My students experimented with writing for a broad-based digital platform by considering these questions. Regan James Sink, Baylee Adryan Carpenter, Nikole Lyn Brashear, Annabelle Lynn Engel, ashley mcdaniel, and Kaitlyn Sue Zickmund tracked the amount of trash they generate and figured out modest steps they can take, as individuals, to reduce their garbage footprint. (And along the way we made some….discoveries about their eating habits, which led me to bring a tray of raw vegetables to our end-of-semester party. Not incidentally, one of our class members, Davina Jackson, wrote a research paper on the connections between garbage and nutrition.)

These students also did some insightful thinking about success. disneygirl composed a series of essays about how shyness can affect one’s success, with lots of practical suggestions for how the shy student can overcome obstacles. Ian C Norris thought about how depression and social media interact to shape our views of success. Brandon William Fetters explored the difference between internal and external motivation in our ideas about success.

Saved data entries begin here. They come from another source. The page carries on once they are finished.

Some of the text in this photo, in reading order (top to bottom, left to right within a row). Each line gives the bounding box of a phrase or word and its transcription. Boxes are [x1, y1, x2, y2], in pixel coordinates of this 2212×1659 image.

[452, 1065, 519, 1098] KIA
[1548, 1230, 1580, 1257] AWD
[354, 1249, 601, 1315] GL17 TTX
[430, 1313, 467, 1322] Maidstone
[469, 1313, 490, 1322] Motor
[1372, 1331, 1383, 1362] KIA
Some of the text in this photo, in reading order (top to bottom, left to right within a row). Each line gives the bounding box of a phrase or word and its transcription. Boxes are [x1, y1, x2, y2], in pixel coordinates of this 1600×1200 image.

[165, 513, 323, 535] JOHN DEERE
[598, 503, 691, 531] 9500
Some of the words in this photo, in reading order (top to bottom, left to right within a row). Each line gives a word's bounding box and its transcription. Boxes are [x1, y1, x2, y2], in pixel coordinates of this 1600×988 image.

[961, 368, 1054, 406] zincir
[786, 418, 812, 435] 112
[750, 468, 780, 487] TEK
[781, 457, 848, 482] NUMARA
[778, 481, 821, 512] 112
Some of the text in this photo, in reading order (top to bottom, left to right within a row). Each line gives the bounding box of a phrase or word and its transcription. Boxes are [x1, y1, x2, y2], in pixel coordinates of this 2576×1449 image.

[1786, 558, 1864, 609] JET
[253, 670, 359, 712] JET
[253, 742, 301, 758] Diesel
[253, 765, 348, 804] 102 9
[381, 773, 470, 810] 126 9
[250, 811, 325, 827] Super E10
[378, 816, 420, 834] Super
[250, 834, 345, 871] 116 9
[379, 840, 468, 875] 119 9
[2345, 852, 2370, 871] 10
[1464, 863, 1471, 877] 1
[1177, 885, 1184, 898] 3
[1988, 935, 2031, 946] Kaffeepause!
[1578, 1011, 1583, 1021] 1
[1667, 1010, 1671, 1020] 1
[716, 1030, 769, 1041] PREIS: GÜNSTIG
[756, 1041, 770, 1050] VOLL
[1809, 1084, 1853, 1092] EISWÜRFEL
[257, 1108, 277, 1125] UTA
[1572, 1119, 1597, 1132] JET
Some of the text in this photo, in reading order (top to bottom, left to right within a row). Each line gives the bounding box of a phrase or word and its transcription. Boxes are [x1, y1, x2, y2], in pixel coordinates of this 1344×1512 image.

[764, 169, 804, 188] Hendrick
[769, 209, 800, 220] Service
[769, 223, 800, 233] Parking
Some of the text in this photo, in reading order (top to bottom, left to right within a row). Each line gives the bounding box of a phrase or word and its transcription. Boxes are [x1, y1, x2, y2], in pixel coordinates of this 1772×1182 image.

Several of our students investigated the diversity of approaches to success. Arielle Malavolta, who is completing her training as a volunteer firefighter, wrote about what success means to first responders. Davina Jackson focused specifically on the employees of a nonprofit agency, to determine what success means to people whose day job is to help people who are down on their luck. Carlos Naranjo did some fascinating interviews with immigrants to the US to explore their perspectives on success. The dynamic duo of Rachel Rock and Porter Minix wrote a hilarious account of their opposed approaches to success, based on their respectively pessimistic and optimistic outlooks. Brittany Williams talked to people from a diverse range of ages to explore their definitions of success, while Lily Janine Baldwin and kait © did the same thing, but with people from different economic classes. Their results were surprising — go check out their articles for yourself.

And then there’s Hayden Dale Leydens, who might not be an English major, but still geeked out over whether or not Reddit comments meet the standards of academic discourse.

To my Honors 111 class: I’m thankful to have had the opportunity to work with you, and I’m so proud of how each of you has grown over the course of the semester. I can’t wait to see what you all will achieve over your careers.

And to our readers: enjoy our work. We’ll see you in the comments.